Erik Larson (born January 3, 1954) is an American journalist and author of mostly nonfiction books. He has written a number of bestsellers, including The Devil in the White City (2003), about the 1893 World's Columbian Exposition in Chicago and a series of murders by H. H. Holmes that were committed in the city around the time of the Fair. The Devil in the White City won the 2004 Edgar Award in the Best Fact Crime category, among other awards. Larson released his first fiction novel, in audiobook format only, titled No One Goes Alone on September 28, 2021.

Early life and education
Larson was born in Brooklyn and grew up in Freeport, Long Island, New York.
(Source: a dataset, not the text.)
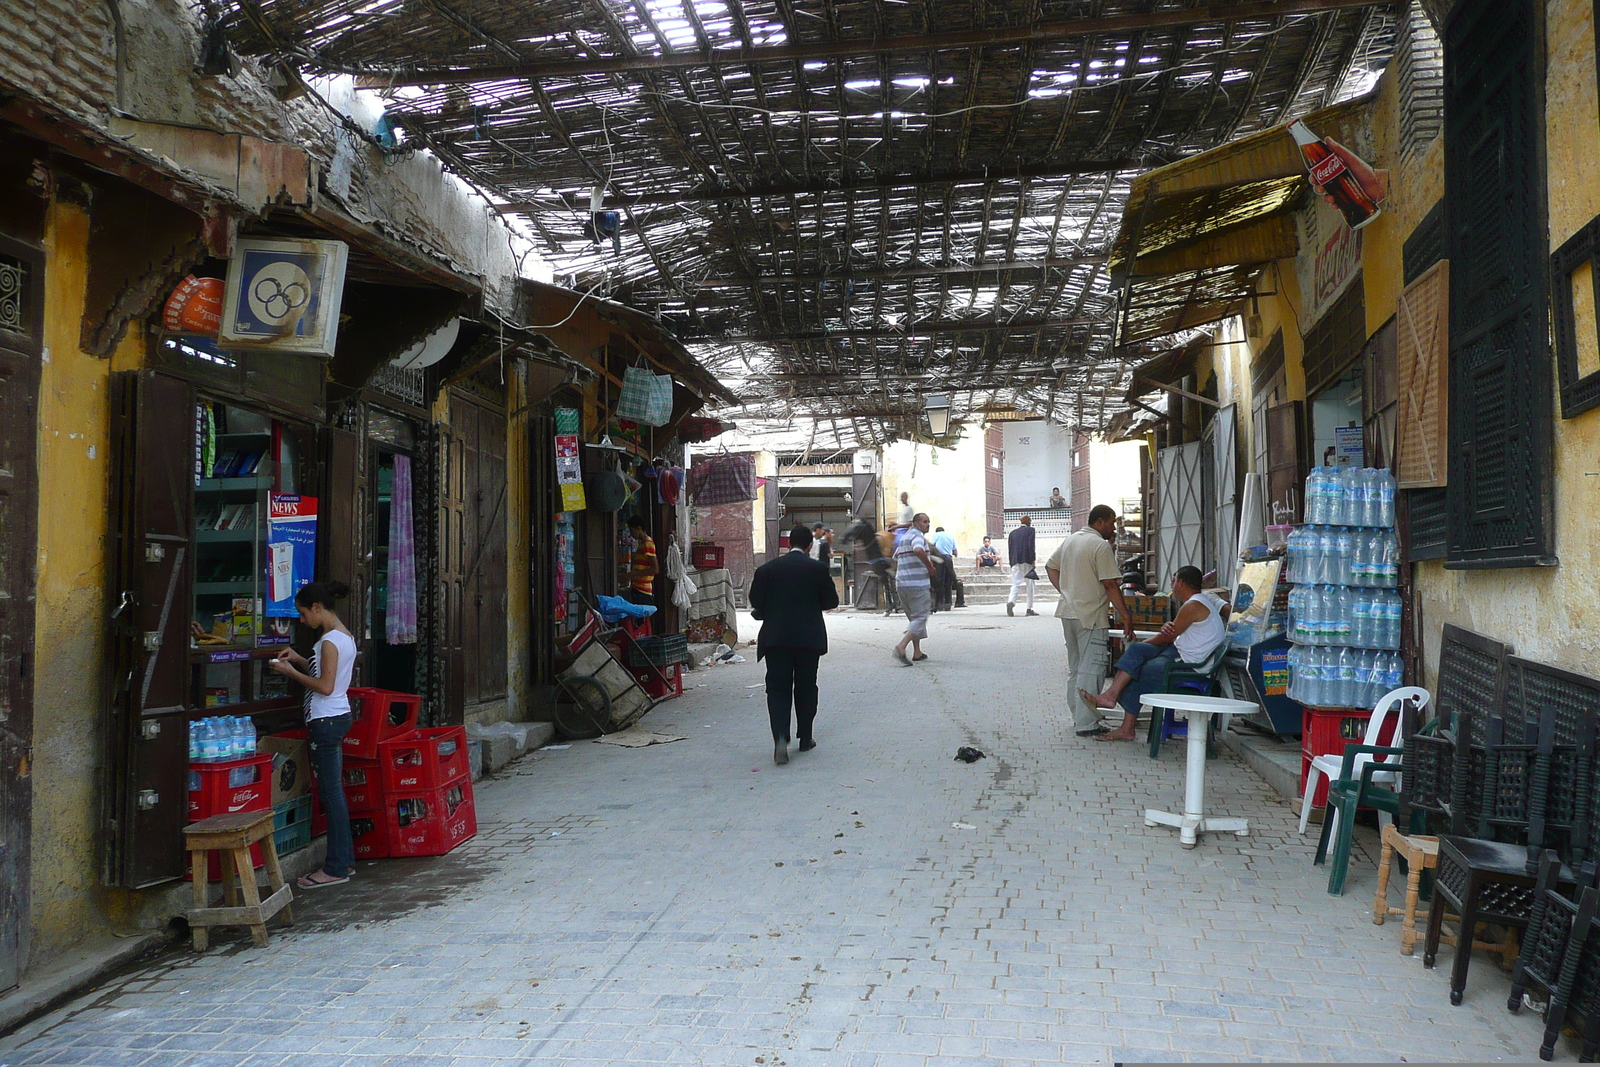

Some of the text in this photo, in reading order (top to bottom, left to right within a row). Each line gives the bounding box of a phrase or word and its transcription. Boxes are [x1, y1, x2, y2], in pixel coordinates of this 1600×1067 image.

[1316, 157, 1341, 181] Coca-Cola
[272, 500, 298, 515] NEWS
[232, 789, 252, 803] Coca-Cola
He studied Russian history at the University of Pennsylvania and graduated summa cum laude in 1976. After a year off, he attended the Columbia University Graduate School of Journalism, graduating in 1978. He was inspired to go into journalism after seeing the movie All the President's Men.

Writing career
Larson's first newspaper job was with the Bucks County Courier Times in Levittown, Pennsylvania, where he wrote about murder, witches, environmental poisons, and other "equally pleasant" things. He later became a features writer for The Wall Street Journal and Time, where he is still a contributing writer. His magazine stories have appeared in The New Yorker, The Atlantic Monthly, Harper's, and other publications.

Books

Larson has written a number of books, mostly historical nonfiction. In a 2016 interview with the Knoxville Mercury, Larson stated he does all of his own research, asking, "why should I let anybody else have that fun?" He also rejected the idea of trying to imagine or take factual liberties with scenes and conversations from the past, stating that in his work, "anything that appears in quote is something that came from a historical document." He included among his literary inspirations David McCullough, Barbara Tuchman, David Halberstam, and Walter Lord. Larson's 2006 book Thunderstruck intersperses the story of Hawley Harvey Crippen with that of Guglielmo Marconi and the invention of radio.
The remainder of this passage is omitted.